(Extracted data entries)
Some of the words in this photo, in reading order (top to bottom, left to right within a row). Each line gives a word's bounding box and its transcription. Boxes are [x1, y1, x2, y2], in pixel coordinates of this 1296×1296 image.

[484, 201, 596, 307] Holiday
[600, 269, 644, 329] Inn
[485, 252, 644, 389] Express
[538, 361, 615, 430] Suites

## What to do
Every record shown above must be echoed exactly.

## Exercise answer
Some of the words in this photo, in reading order (top to bottom, left to right within a row). Each line gives a word's bounding box and its transcription. Boxes are [x1, y1, x2, y2], in pixel coordinates of this 1296×1296 image.

[484, 201, 596, 307] Holiday
[600, 269, 644, 329] Inn
[485, 252, 644, 389] Express
[538, 361, 615, 430] Suites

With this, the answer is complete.